Saved data entries:
↓↓↓
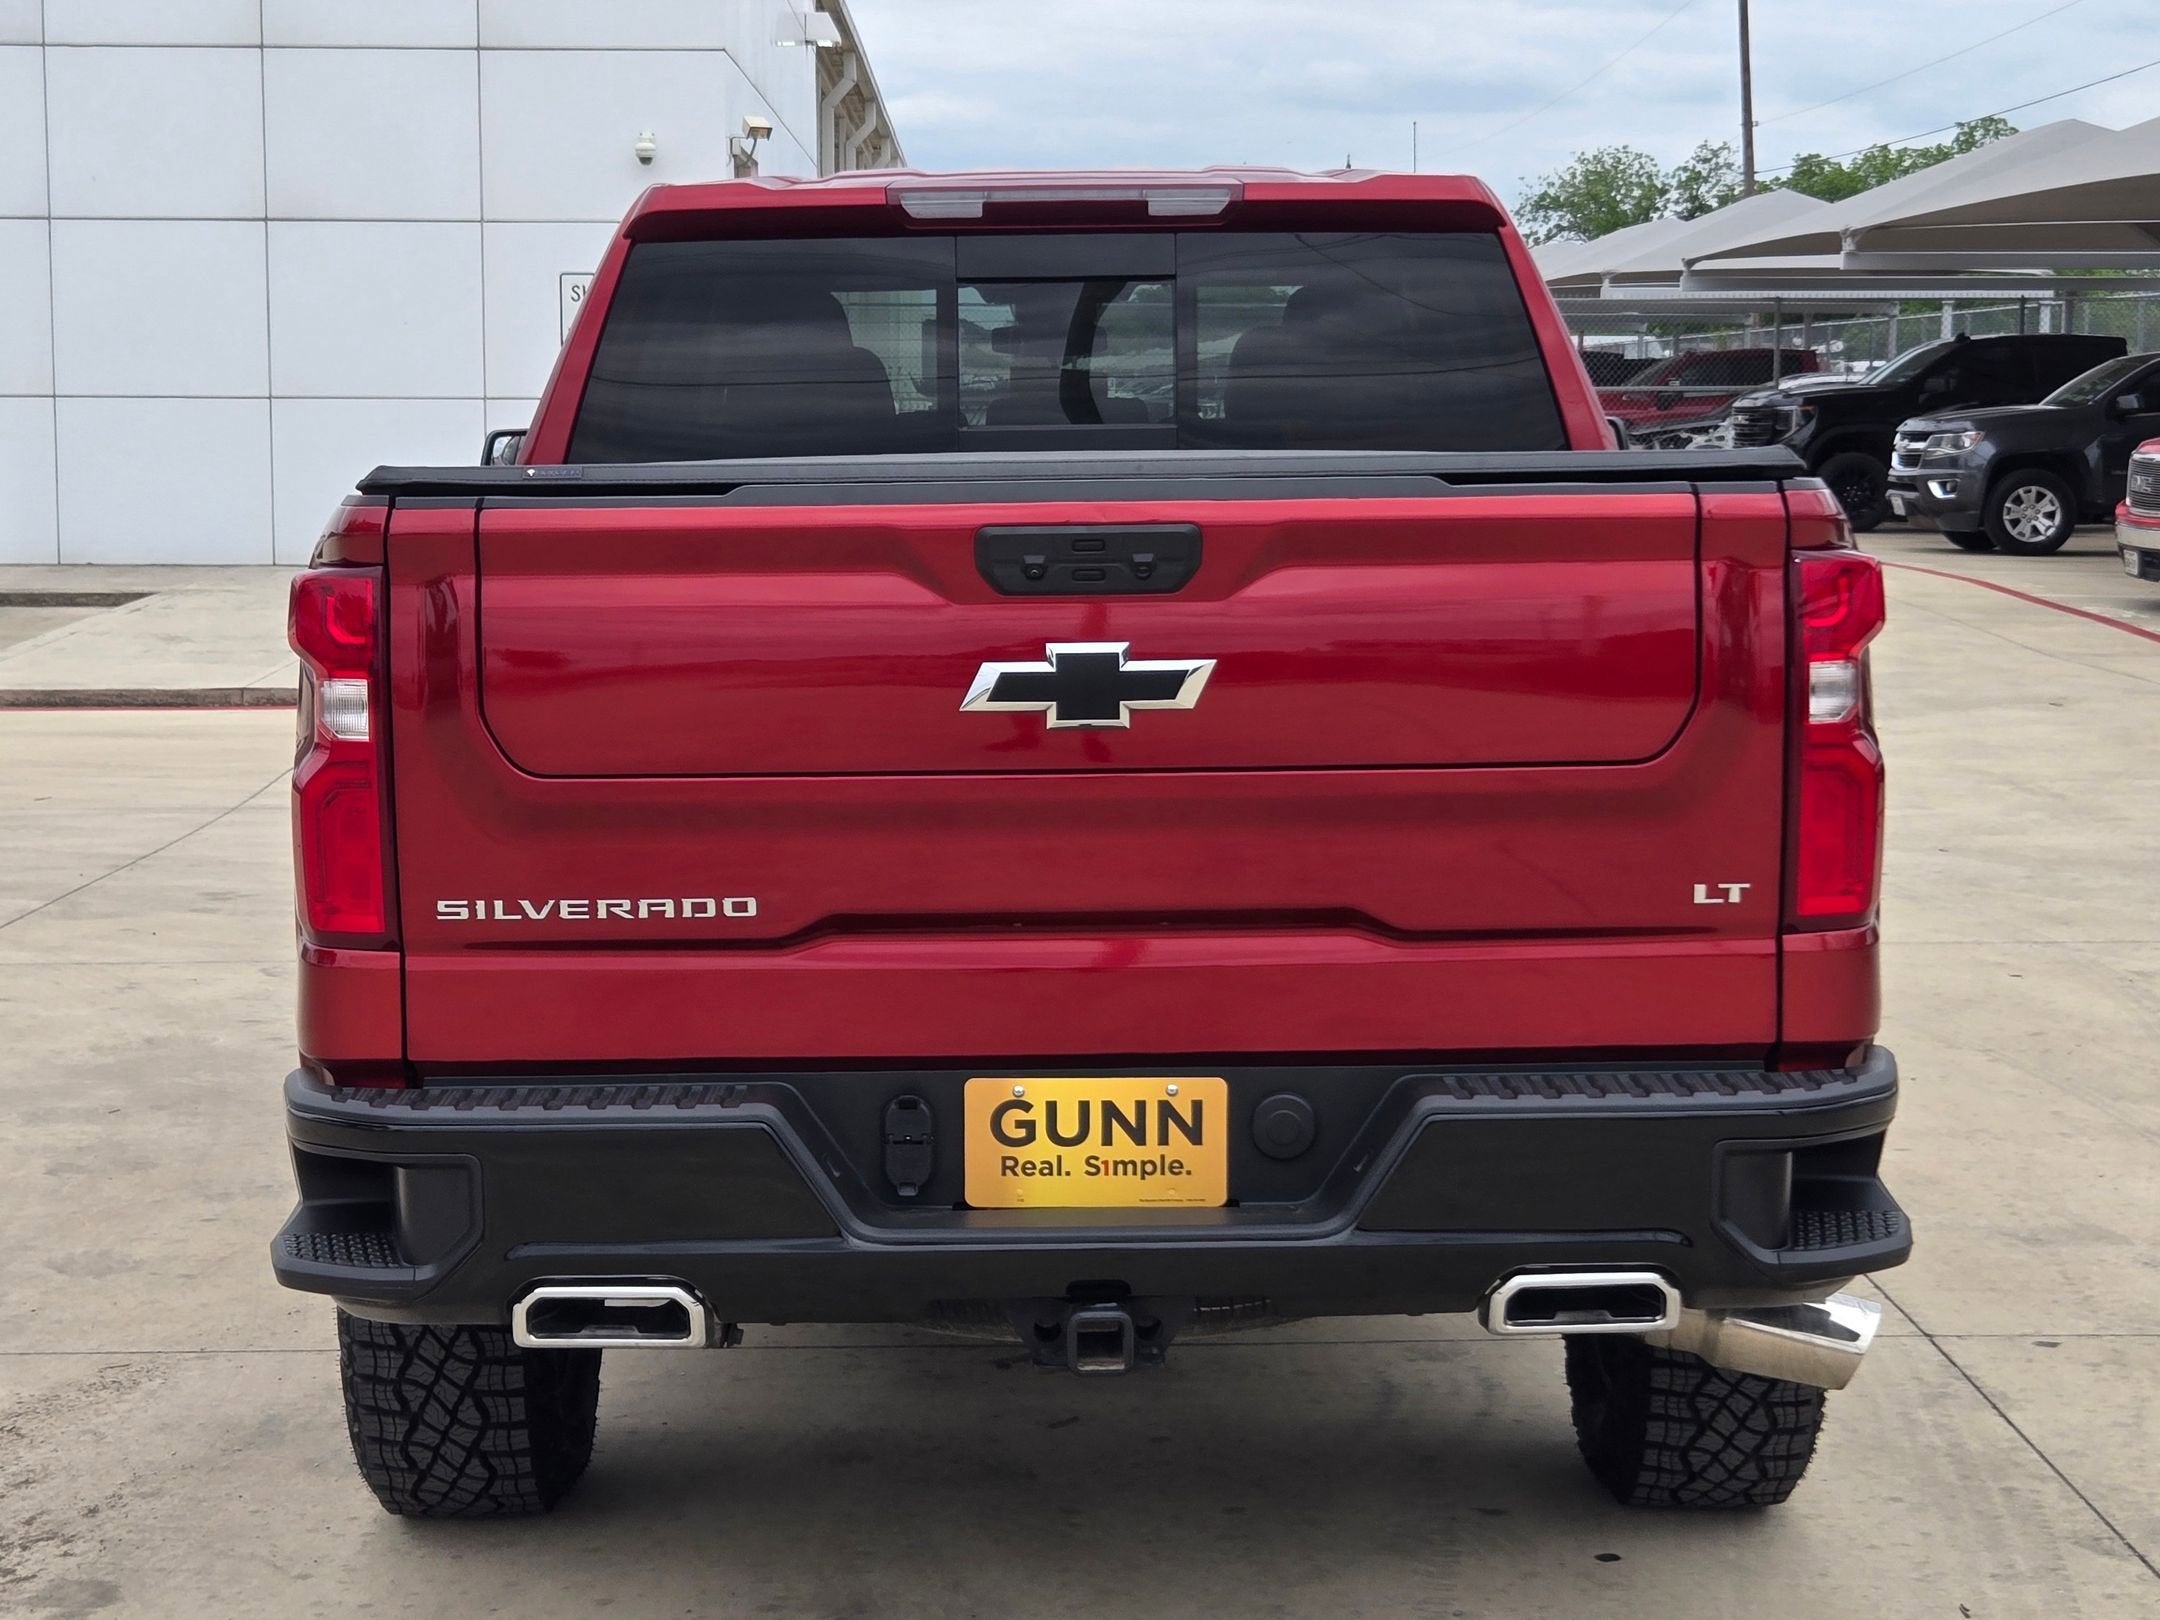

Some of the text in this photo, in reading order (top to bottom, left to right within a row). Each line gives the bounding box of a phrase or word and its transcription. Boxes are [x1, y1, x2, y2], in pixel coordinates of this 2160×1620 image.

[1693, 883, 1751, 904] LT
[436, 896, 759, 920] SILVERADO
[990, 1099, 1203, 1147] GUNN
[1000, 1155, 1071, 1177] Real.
↑↑↑
Prompt: Write the data above out again exactly, minus its pictures.

Output of the task:
Some of the text in this photo, in reading order (top to bottom, left to right within a row). Each line gives the bounding box of a phrase or word and its transcription. Boxes are [x1, y1, x2, y2], in pixel coordinates of this 2160×1620 image.

[1693, 883, 1751, 904] LT
[436, 896, 759, 920] SILVERADO
[990, 1099, 1203, 1147] GUNN
[1000, 1155, 1071, 1177] Real.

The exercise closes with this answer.